## What is required
Write out the data again in full, keeping every character the same.

## Record extracts
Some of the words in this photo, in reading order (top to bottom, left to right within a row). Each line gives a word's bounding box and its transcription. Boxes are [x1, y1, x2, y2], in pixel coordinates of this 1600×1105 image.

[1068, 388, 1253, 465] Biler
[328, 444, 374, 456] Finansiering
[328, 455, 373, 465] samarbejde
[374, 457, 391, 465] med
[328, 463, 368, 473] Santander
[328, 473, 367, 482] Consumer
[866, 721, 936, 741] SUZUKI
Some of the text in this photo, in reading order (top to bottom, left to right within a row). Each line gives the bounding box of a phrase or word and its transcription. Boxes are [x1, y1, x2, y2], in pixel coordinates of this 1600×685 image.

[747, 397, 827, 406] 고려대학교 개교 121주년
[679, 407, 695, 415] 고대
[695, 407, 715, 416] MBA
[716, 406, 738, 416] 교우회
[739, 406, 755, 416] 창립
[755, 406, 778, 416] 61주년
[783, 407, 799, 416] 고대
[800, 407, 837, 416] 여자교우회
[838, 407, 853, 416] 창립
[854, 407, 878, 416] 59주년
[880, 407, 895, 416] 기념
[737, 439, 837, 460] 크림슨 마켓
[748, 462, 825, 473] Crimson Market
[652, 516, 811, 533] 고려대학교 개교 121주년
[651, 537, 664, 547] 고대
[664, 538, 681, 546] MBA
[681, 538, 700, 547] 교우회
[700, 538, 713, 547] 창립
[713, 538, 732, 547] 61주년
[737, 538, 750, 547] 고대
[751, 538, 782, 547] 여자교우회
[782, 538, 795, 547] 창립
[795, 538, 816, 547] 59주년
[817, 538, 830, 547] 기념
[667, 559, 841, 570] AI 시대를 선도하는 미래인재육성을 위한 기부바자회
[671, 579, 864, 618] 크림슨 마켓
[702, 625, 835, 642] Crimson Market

## Reply
Some of the words in this photo, in reading order (top to bottom, left to right within a row). Each line gives a word's bounding box and its transcription. Boxes are [x1, y1, x2, y2], in pixel coordinates of this 1600×1105 image.

[1068, 388, 1253, 465] Biler
[328, 444, 374, 456] Finansiering
[328, 455, 373, 465] samarbejde
[374, 457, 391, 465] med
[328, 463, 368, 473] Santander
[328, 473, 367, 482] Consumer
[866, 721, 936, 741] SUZUKI
Some of the text in this photo, in reading order (top to bottom, left to right within a row). Each line gives the bounding box of a phrase or word and its transcription. Boxes are [x1, y1, x2, y2], in pixel coordinates of this 1600×685 image.

[747, 397, 827, 406] 고려대학교 개교 121주년
[679, 407, 695, 415] 고대
[695, 407, 715, 416] MBA
[716, 406, 738, 416] 교우회
[739, 406, 755, 416] 창립
[755, 406, 778, 416] 61주년
[783, 407, 799, 416] 고대
[800, 407, 837, 416] 여자교우회
[838, 407, 853, 416] 창립
[854, 407, 878, 416] 59주년
[880, 407, 895, 416] 기념
[737, 439, 837, 460] 크림슨 마켓
[748, 462, 825, 473] Crimson Market
[652, 516, 811, 533] 고려대학교 개교 121주년
[651, 537, 664, 547] 고대
[664, 538, 681, 546] MBA
[681, 538, 700, 547] 교우회
[700, 538, 713, 547] 창립
[713, 538, 732, 547] 61주년
[737, 538, 750, 547] 고대
[751, 538, 782, 547] 여자교우회
[782, 538, 795, 547] 창립
[795, 538, 816, 547] 59주년
[817, 538, 830, 547] 기념
[667, 559, 841, 570] AI 시대를 선도하는 미래인재육성을 위한 기부바자회
[671, 579, 864, 618] 크림슨 마켓
[702, 625, 835, 642] Crimson Market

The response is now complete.